I felt like a passenger pigeon, delivering our little package to Zagreb. It was, as always, a mad dash getting all the last minute details in order before flying overseas. The sound recordist and editor were tweaking the sound while we scrambled to find out how to burn a DVD in European format. Thanks to many hands including Confederation College, it all happened on time. Tucked in my carry-on, I had with me a blue-ray and DVD copy of “Under the Pearl Moon.” I was taking with me, not just the film, but all of the talent and energy so many had given to our project (Sonja Obljubek and myself and other's, of course.)

Photo: Zagreb

When a person travels, it's important to let go of expectations. But sometimes, expectations are hidden from view; tucked away in a corner of our brains and we don't even know they are there. When my daughter Caitlin and I arrived in Croatia, I noticed how the people seemed reserved and being that we did not know one word of the language, at times I felt uncomfortable.  And, maybe it was just my imagination, but there was a sense of the effects of post-war in the air.  I also saw many senior citizens collecting plastic and glass to redeem for a bit of extra cash. People seemed less prosperous (although, we too have our problems of poverty in Canada), but also less swept up in materialism. This was definitely a different country.  How lucky we were. We had each other, a great adventure and Alanna to give us a home away from home.


Mom and daughter getting to know Croatia.
The longer I found myself living in Croatia, the more the people and the culture grew on me. And the more I understood what it was that Jennifer Garrett, our “Aunt Birdie”, had fallen in love with there. Though the young people wear ear buds and trendy clothes like North Americans, they are very considerate of older people. They stop to open doors and give up their seats on the tram.
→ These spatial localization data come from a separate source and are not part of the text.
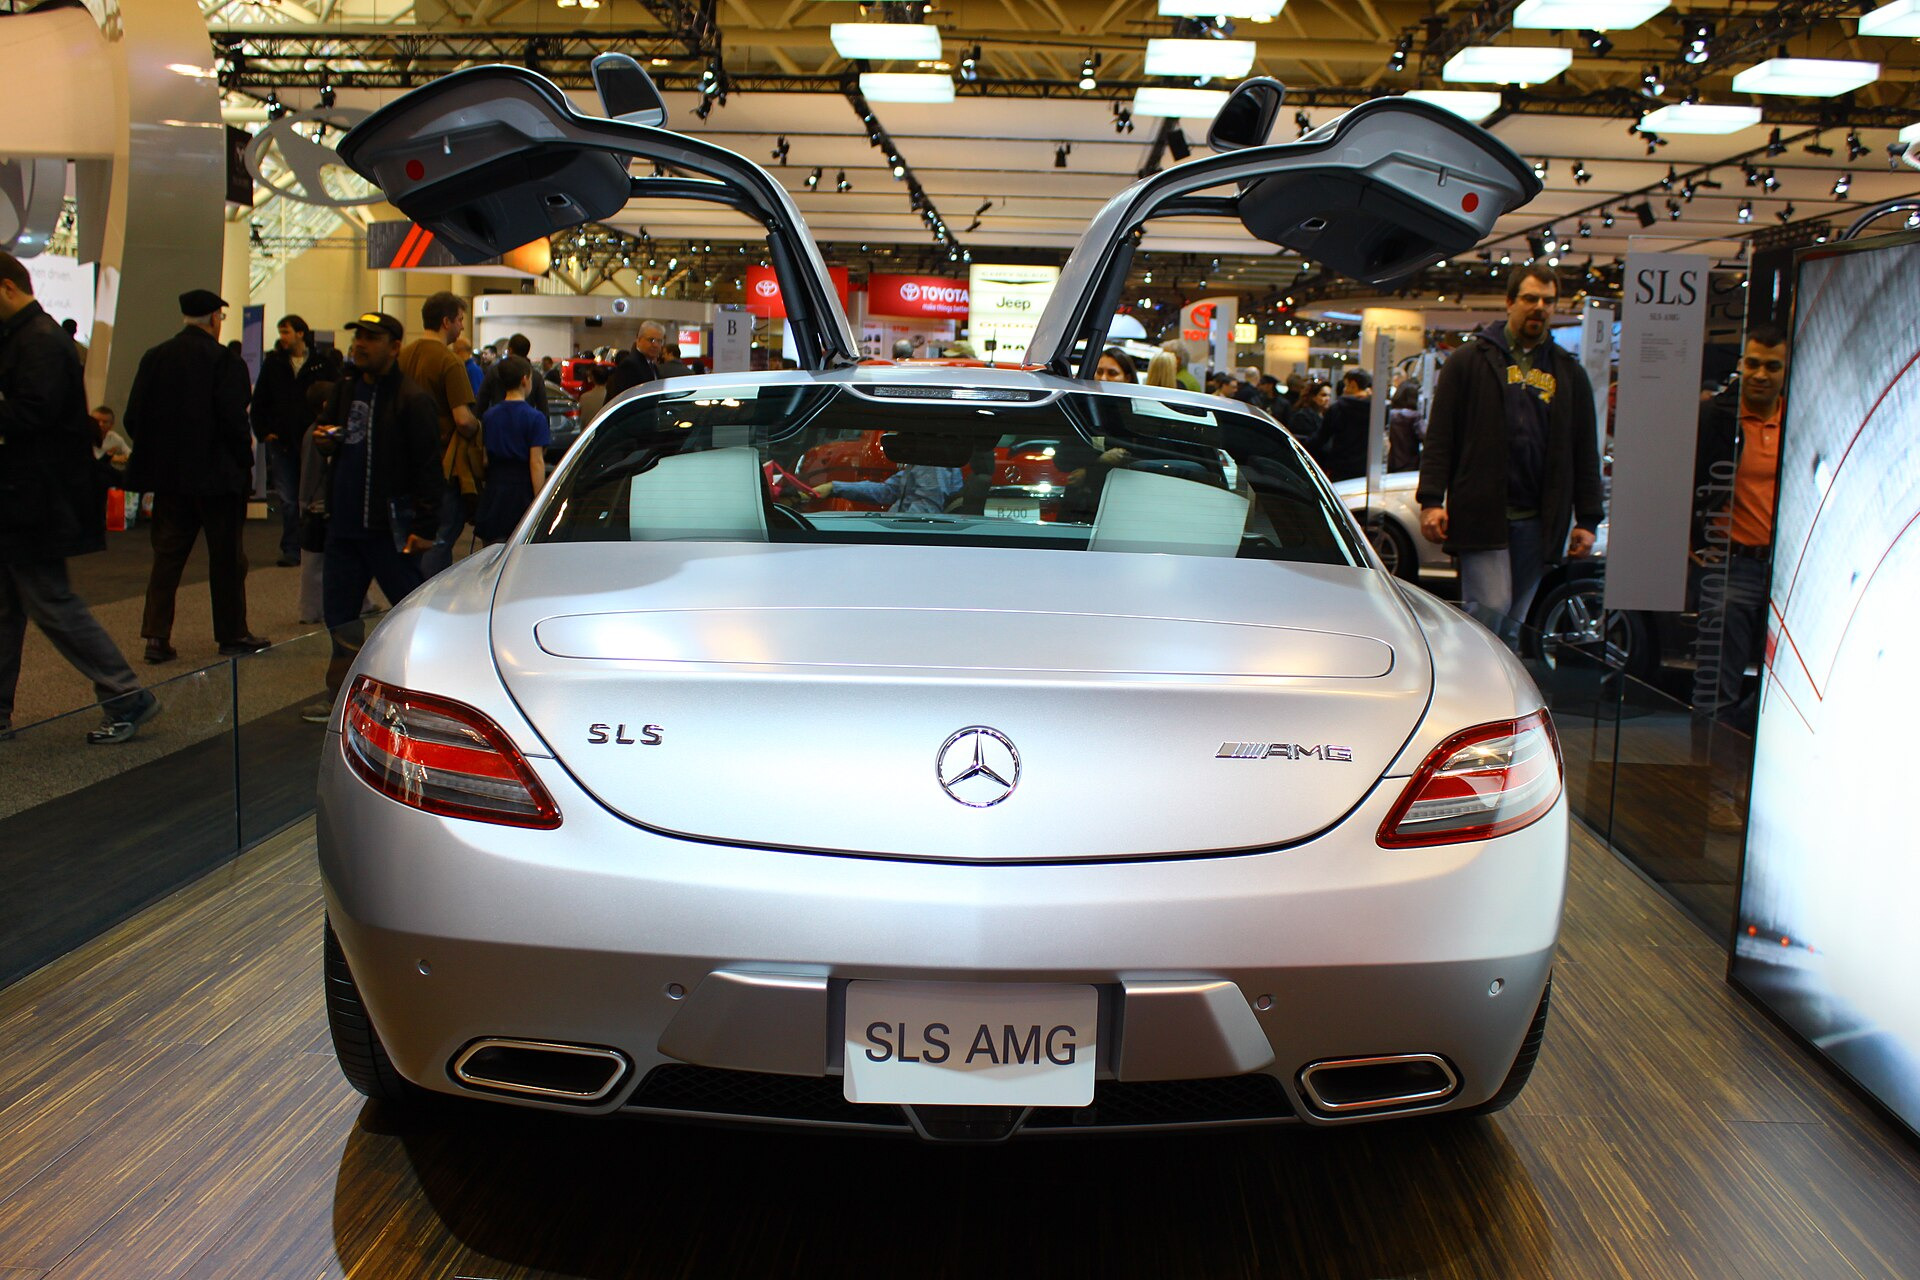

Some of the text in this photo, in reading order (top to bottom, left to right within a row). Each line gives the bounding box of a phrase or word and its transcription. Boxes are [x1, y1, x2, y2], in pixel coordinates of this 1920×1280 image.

[921, 285, 969, 303] TOYOTA
[1635, 269, 1698, 306] SLS
[996, 296, 1031, 311] Jeep
[727, 319, 737, 336] B
[587, 723, 665, 746] SLS
[1260, 742, 1353, 762] AMG
[865, 1021, 1077, 1067] SLS AMG
They smile and say “Dobar dan” (good day) to each other.  I learned a few simple greetings and became a 'regular' at the market downtown. Each day, I stopped for the best tasting coffee I've ever had. Each day I made my rounds at the market buying fresh cheese, fresh greens and fruit as well as corn bread. I got to know the vendors and even though I didn't know Croatian, they were always helpful and kind. Music was everywhere. In the streets, there are buskers, choirs, church bells tolling and the sounds of children singing. Everyone, it seems, sings in a choir or plays an instrument. In fact, every single university department has a choir with a professional choir director. There's a philosophy choir and a history choir and a veterinary choir and so on. One night I went out to an event to hear each of the university choirs and I was moved to tears that evening, more than once.

I had traveled to Zagreb for the purpose of sharing the film “Under the Pearl Moon” first and foremost with Jennifer's circle of friends and acquaintances. It seemed fitting that this needed to be the first sharing. And, fortunately for me, Alanna, Jennifer's daughter was with me every step of the way. Europe House was our host and a fitting one, since Jennifer had given concerts there as well as exhibited her paintings. The windows opened up into the main square, the exact spot I meandered through each day on my way to the market. The room seated about a hundred people or more. It was perfect.
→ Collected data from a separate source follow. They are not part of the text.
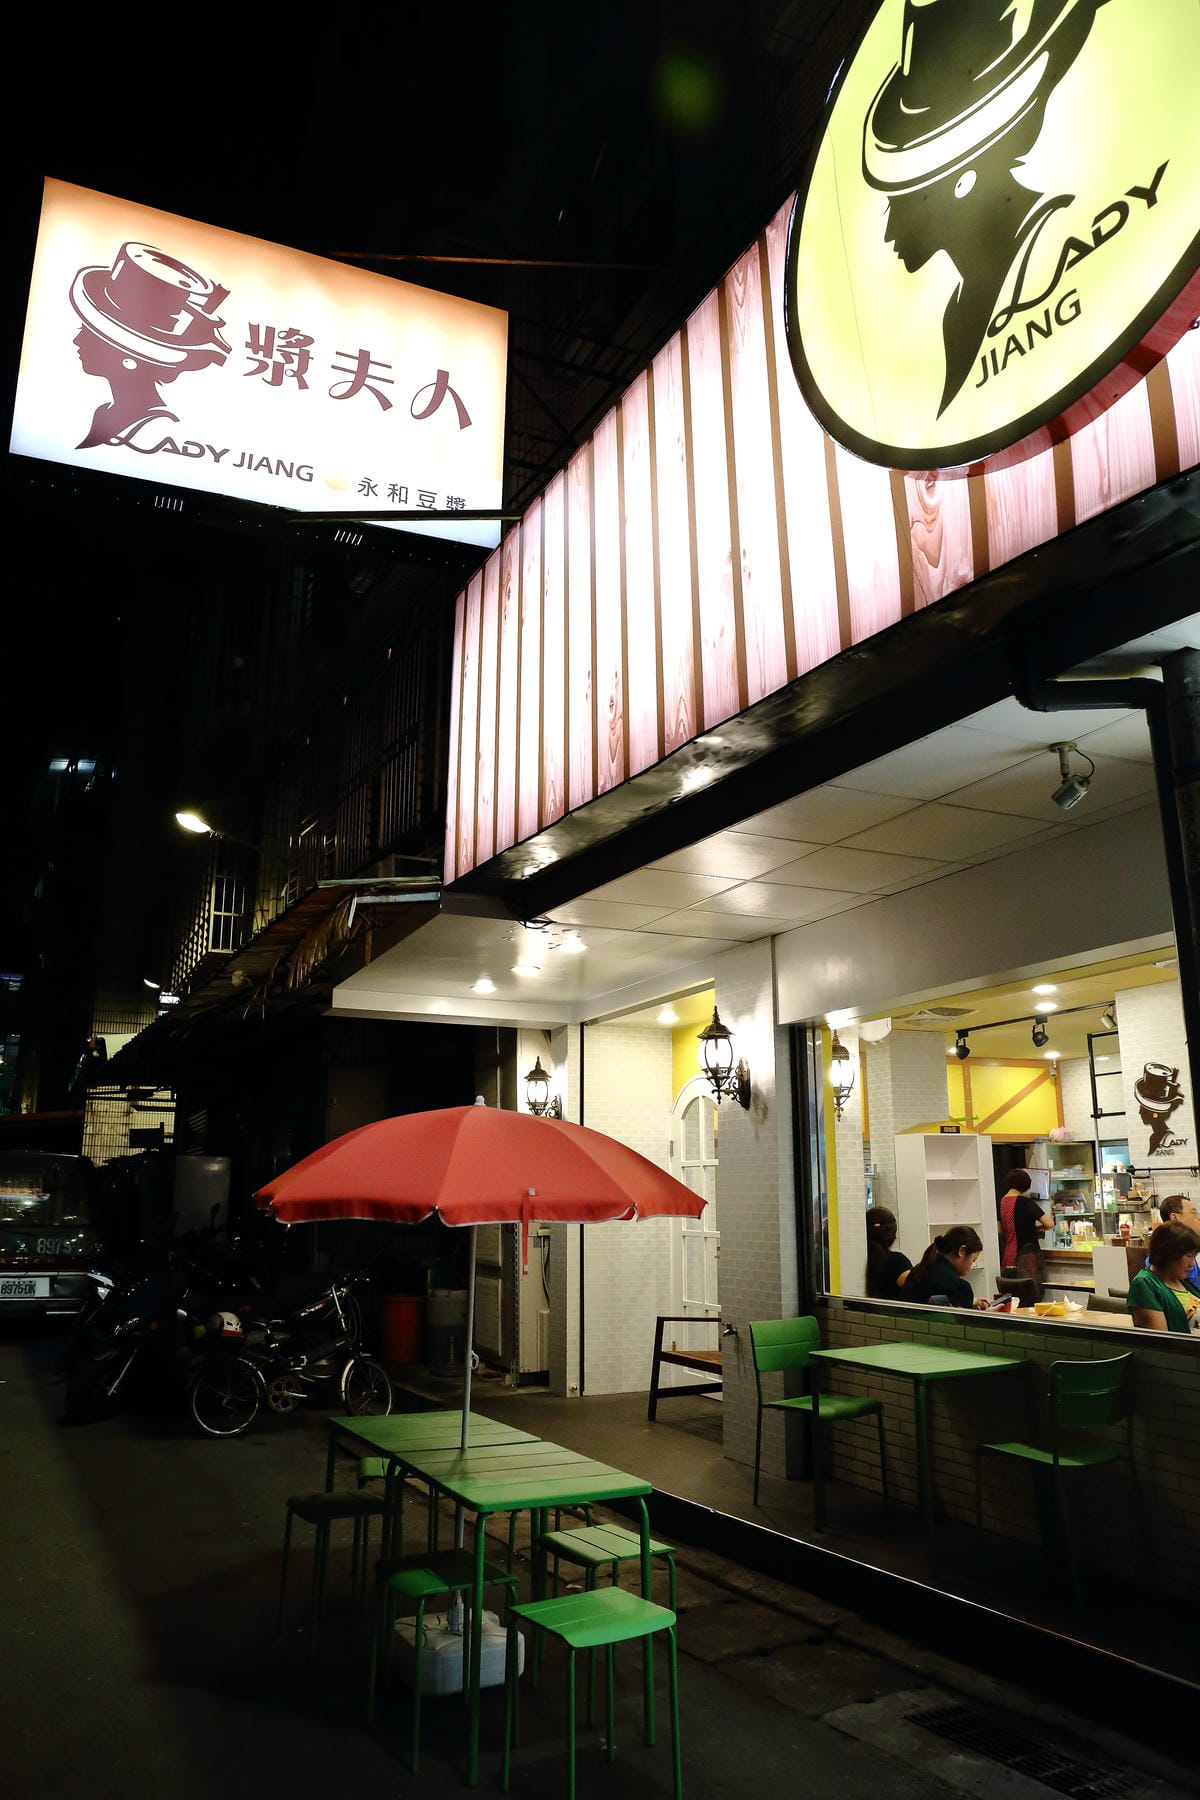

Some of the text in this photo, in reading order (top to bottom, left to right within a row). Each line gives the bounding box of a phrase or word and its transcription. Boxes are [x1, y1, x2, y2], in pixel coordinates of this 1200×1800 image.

[987, 159, 1170, 338] LADY
[243, 322, 472, 429] 漿夫人
[975, 289, 1081, 388] JIANG
[107, 410, 315, 483] LADY JIANG
[1158, 1131, 1188, 1148] LADY
In the spirit of Jennifer, we brought fresh food and a table with unique art items for sale.  We hung Jennifer's art on the walls and invited her long-time musical friend Vladimir and his band to play. 



 As we were setting up, there was a rock band in the square below giving a sound check and let me tell you, it was loud! Alanna and I exchanged knowing glances. If they decided to play during our film screening, the audience would near nothing but the rock band. Oh well! There was cheese to be sliced and fruit to be washed and projectors to be tested. And of course, everything went wonderfully well. The rock band held off until later in the evening. There was a translator who kindly translated our opening talks into Croatian. The room was filled with love and laughter, just as Jennifer would have wanted it. In fact, I felt as if she had orchestrated the entire event. I felt her smiling from wherever she is; reminding us of what is truly important in life: friendships, song, art, love.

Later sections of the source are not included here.